The members of the British consulate refused to believe the story, and won a judgment for Factor's extradition from the U.S. Supreme Court. In desperation, Factor and the Chicago mob sought to make the kidnapping more legitimate by arranging a pickup with the supposed kidnappers. Banghart and his partner Charles "Ice Wagon" Connors were brought into the plan at this point. Hired to be the "bagmen", they were told all they needed was to pick up the money, make it "look real", and they could keep the ransom money.

On August 15, the two showed up at the scheduled drop on Mannheim Road just outside the Chicago city limits. As soon as they arrived, they found 300 Chicago police officers and FBI agents waiting for them. To make matters worse, inside the ransom package was only $500. In spite of the obvious double cross, Banghart and Connors surprised everyone by escaping after a wild shootout.

===Capture, trial and imprisonment===
Despite being set up, Banghart and Connors did not seek revenge against the Chicago Outfit, and instead went on the run. On November 15, 1933, they teamed with Ike Costner and Ludwig "Dutch" Schmidt to hijack a U.S. mail truck of $105,000 in Charlotte, North Carolina. Banghart and Costner were eventually captured by the time the second trial for Factor's kidnapping was held on February 13, 1934. Facing long prison sentences for the Charlotte mail truck robbery, both men agreed to testify for the prosecution. Although Costner had not been involved in the ransom pickup, when Connors was found murdered on March 14, he took Connors' place and falsely stated that Banghart and he had been hired for the Factor kidnapping by Roger Touhy. When Banghart took the stand, however, he denied these claims and attempted to explain that the kidnapping was staged. Banghart's testimony was largely ignored, and Touhy, two others, and he were convicted and received 99-year sentences.

===Escape with Touhy===
After years of unsuccessful appeals, Banghart and Touhy escaped Joliet with Edward Derlack, Martlick Nelson, William Stewart, St. Clair McInerney, and James O'Connor on October 9, 1942. The FBI immediately joined the manhunt, justifying its involvement charging that the convicts had violated the federal draft law by not informing Selective Service of their change of address. Soon after their escape, Banghart and Touhy were suspected of taking part in a robbery at Melrose Park, Illinois, on December 19, which netted $20,000, although no charges were brought against them. McInerney and O'Connor were killed in a gun battle with federal agents less than two weeks after their escape, and the rest were captured at a nearby address on December 29, 1942. J. Edgar Hoover observed the raid and took part in what would be his last "personal arrest".

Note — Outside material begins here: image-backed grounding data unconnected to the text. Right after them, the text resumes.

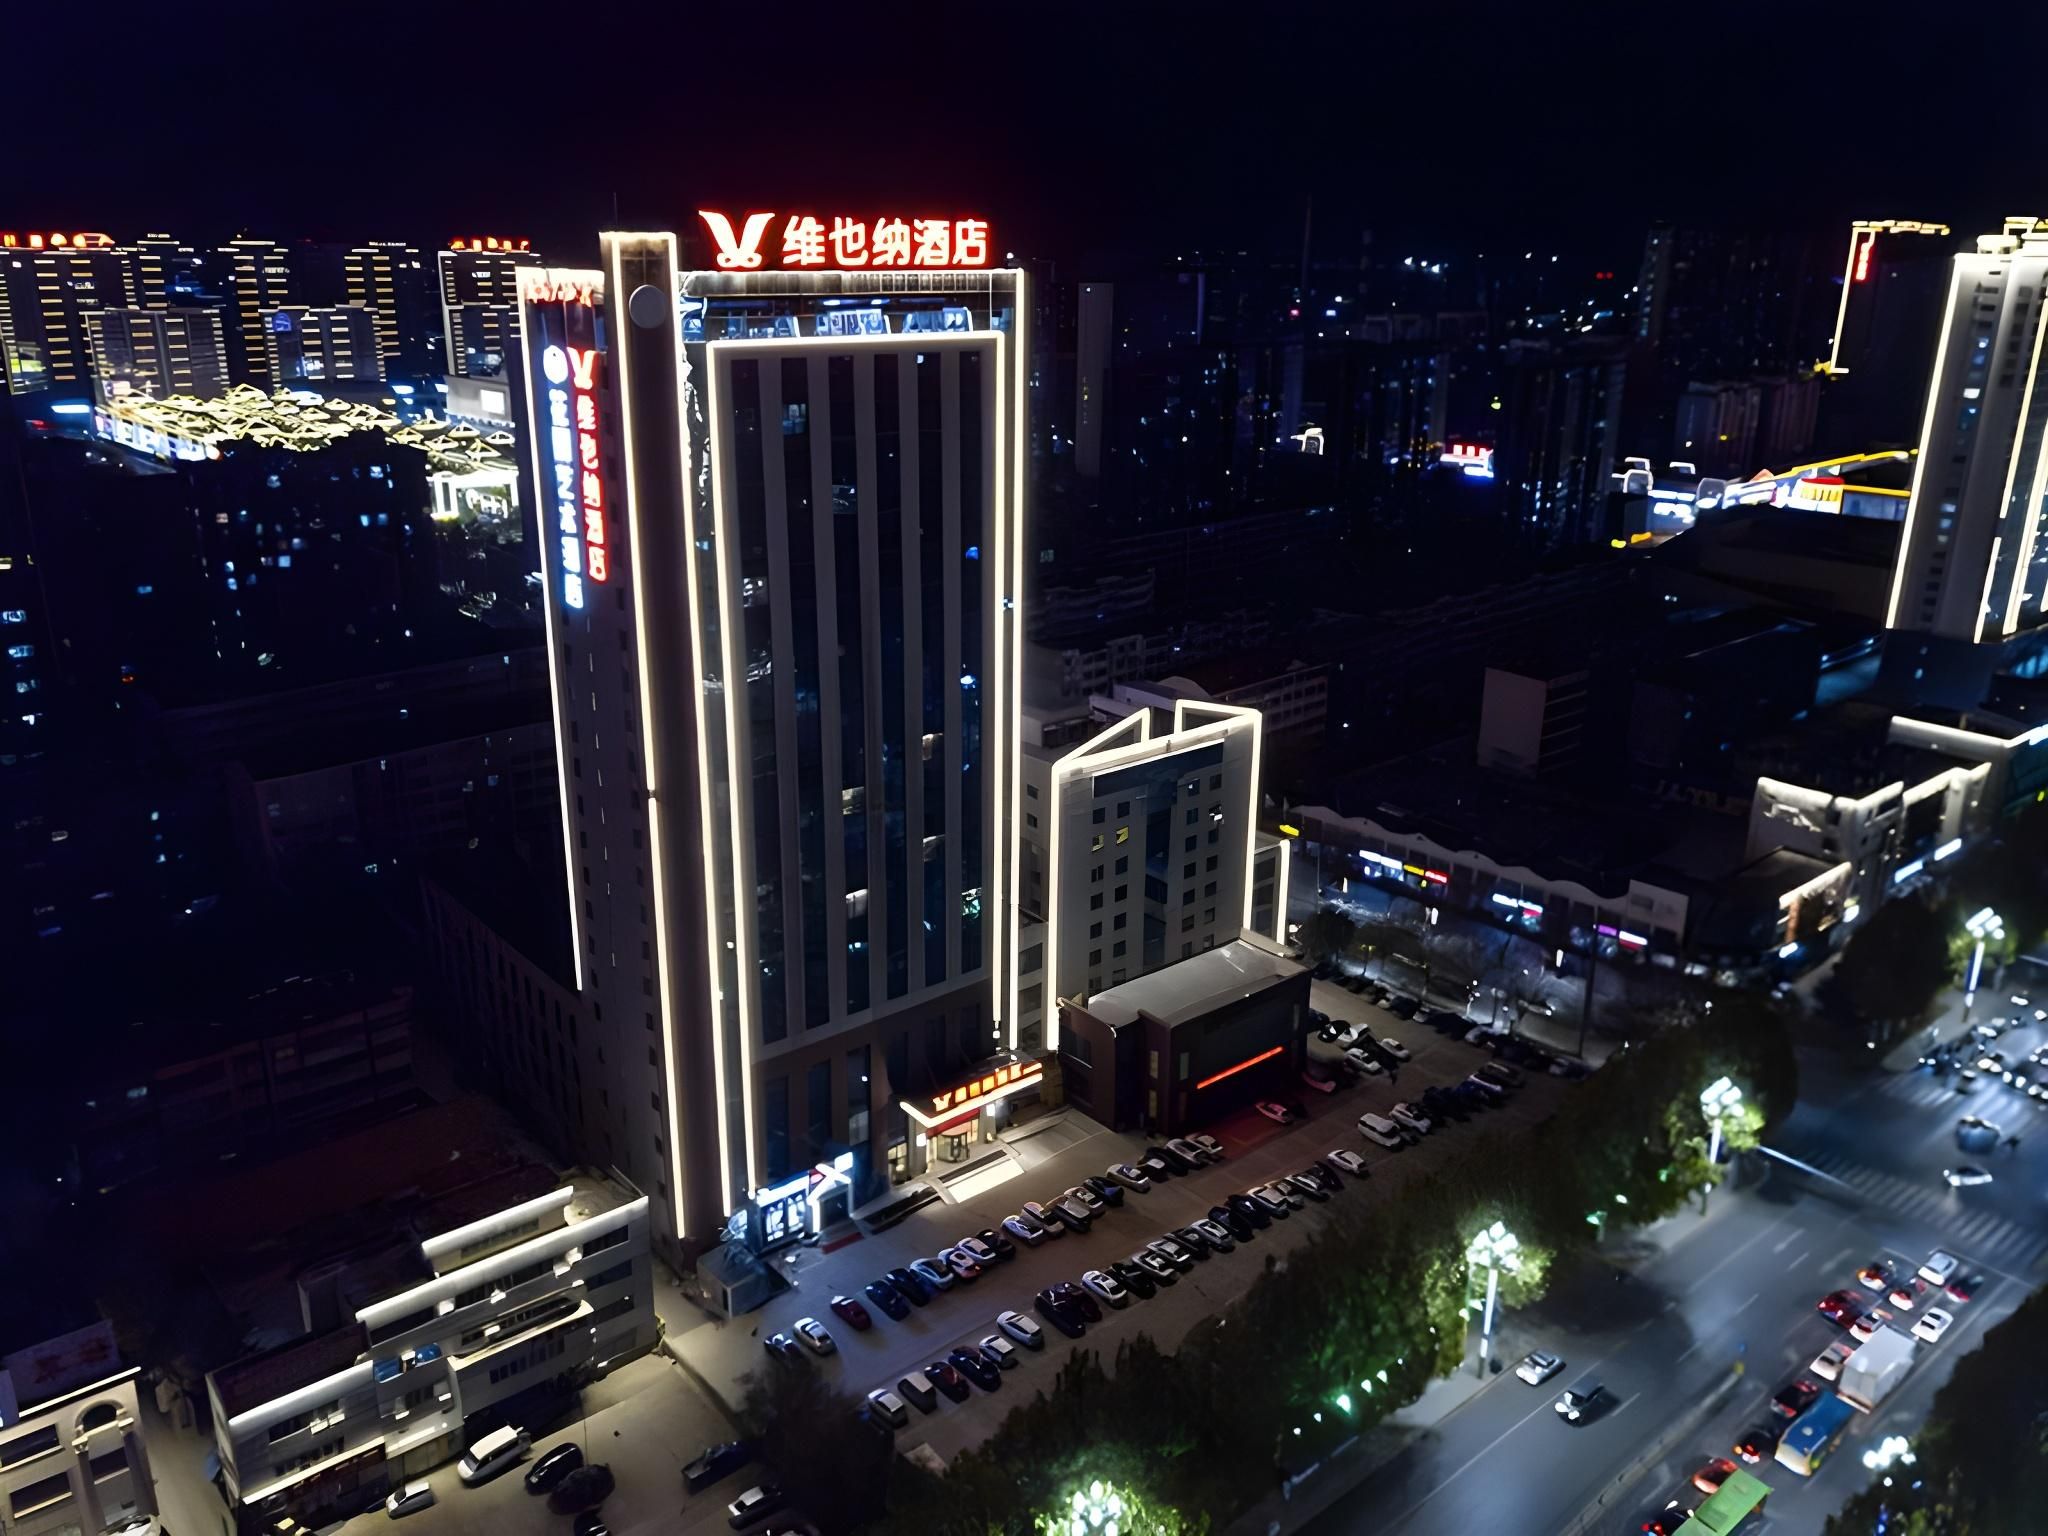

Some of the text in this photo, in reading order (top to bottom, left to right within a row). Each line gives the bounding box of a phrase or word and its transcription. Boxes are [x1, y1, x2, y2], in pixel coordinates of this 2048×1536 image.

[782, 215, 988, 266] 维也纳酒店
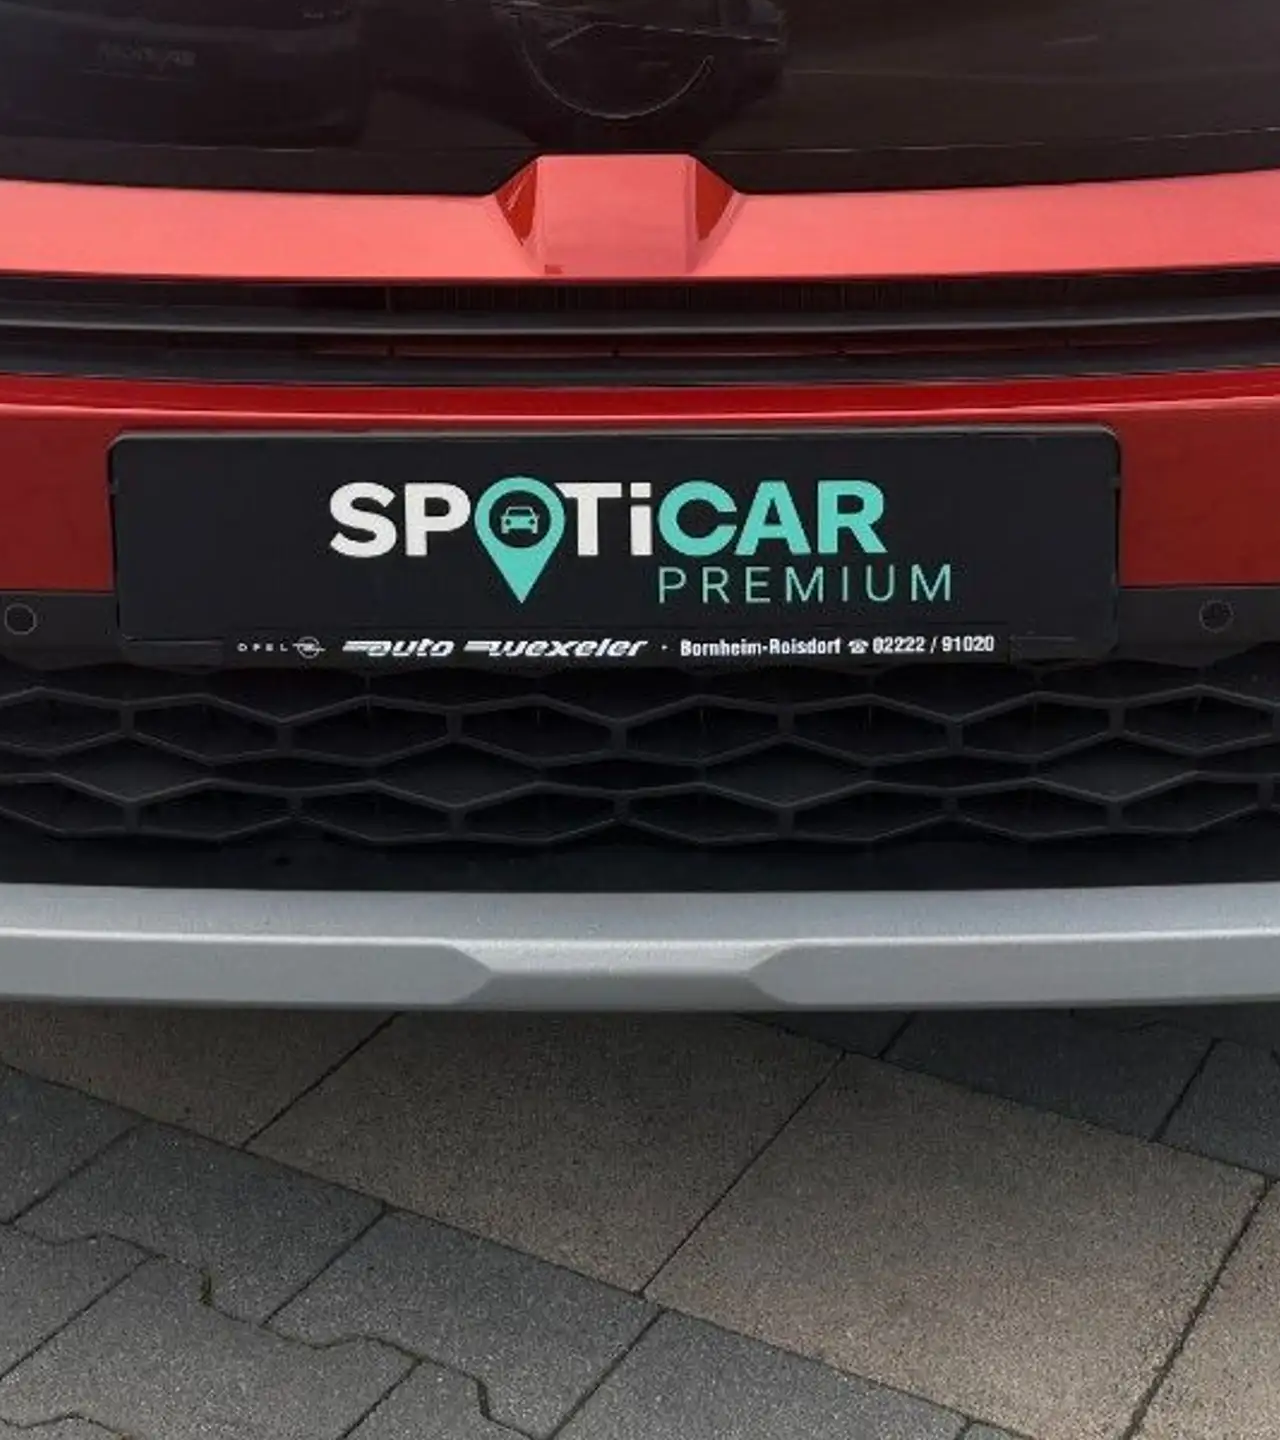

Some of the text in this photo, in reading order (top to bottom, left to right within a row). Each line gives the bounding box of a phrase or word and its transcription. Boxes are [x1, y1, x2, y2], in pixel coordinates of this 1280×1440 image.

[658, 564, 953, 604] PREMIUM
[680, 638, 841, 657] Bornheim-Roisdorf
[872, 636, 926, 654] 02222
[941, 635, 995, 653] 91020
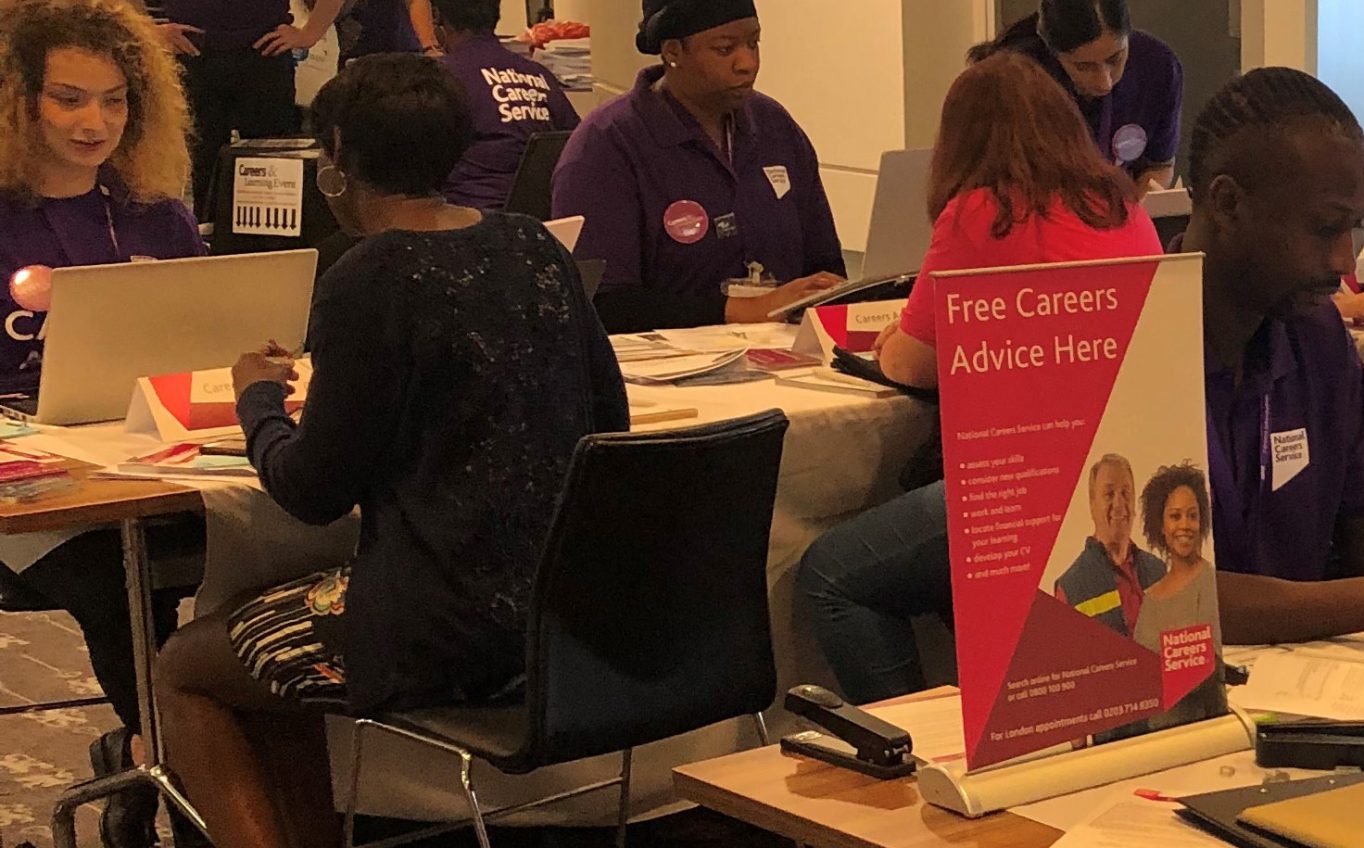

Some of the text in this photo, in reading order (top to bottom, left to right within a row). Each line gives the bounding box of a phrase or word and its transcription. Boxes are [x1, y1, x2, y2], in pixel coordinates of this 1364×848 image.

[946, 287, 1119, 324] Free Careers
[855, 313, 891, 324] Careers
[950, 334, 1118, 376] Advice Here
[203, 383, 232, 394] Care
[957, 429, 990, 440] National
[990, 427, 1017, 437] Careers
[1017, 423, 1041, 434] Service
[1042, 421, 1055, 430] can
[1055, 418, 1070, 429] help
[1274, 431, 1305, 444] National
[1275, 443, 1303, 453] Careers
[1275, 453, 1302, 463] Service
[968, 466, 1060, 486] consider new qualifications
[985, 490, 997, 500] the
[970, 503, 1022, 518] work and learn
[971, 512, 1062, 535] locate financial support for
[972, 533, 1019, 550] your learning
[973, 544, 1032, 563] develop your CV
[974, 569, 990, 579] and
[990, 565, 1010, 577] much
[1163, 625, 1212, 647] National
[1164, 642, 1207, 660] Careers
[1164, 655, 1206, 672] Service
[1007, 657, 1137, 690] Search online for National Careers Service
[1007, 693, 1016, 702] or
[1016, 689, 1028, 701] call
[990, 731, 1004, 742] For
[1005, 725, 1035, 740] London
[1035, 714, 1089, 734] appointments
[1089, 708, 1103, 721] call

===Release and later years===
The convicts were given even longer jail sentences for their escape, and on January 2, 1943, Banghart was returned to Stateville, where he was placed in solitary confinement. He was then transferred, with an escort of 18 federal marshals, to Alcatraz. He spent the rest of his time in the prison kitchen working with former public enemy Alvin Karpis in the bakery. Jokingly referred to by inmates as the "Karpis kitchen crew", Banghart and Karpis allegedly learned to produce wine and other alcoholic beverages from cherry pie juices and other material in the kitchen. "The challenge was to avoid becoming an alcoholic," Karpis later wrote in his memoirs.

In 1954, a federal judge declared the Factor kidnapping a fraud and that Banghart and Touhy had most likely been wrongly convicted involving the Chicago Outfit and corrupt Chicago officials. Banghart was transferred back to Stateville in 1959, and eventually his kidnapping conviction was overturned and the mail robbery charges were dropped for time served. He was released the following year, when at age 60, he was reunited with his longtime girlfriend Mae Blacock. He had also received a small inheritance from his aunt 15 years before. Banghart retired to a small island in Puget Sound.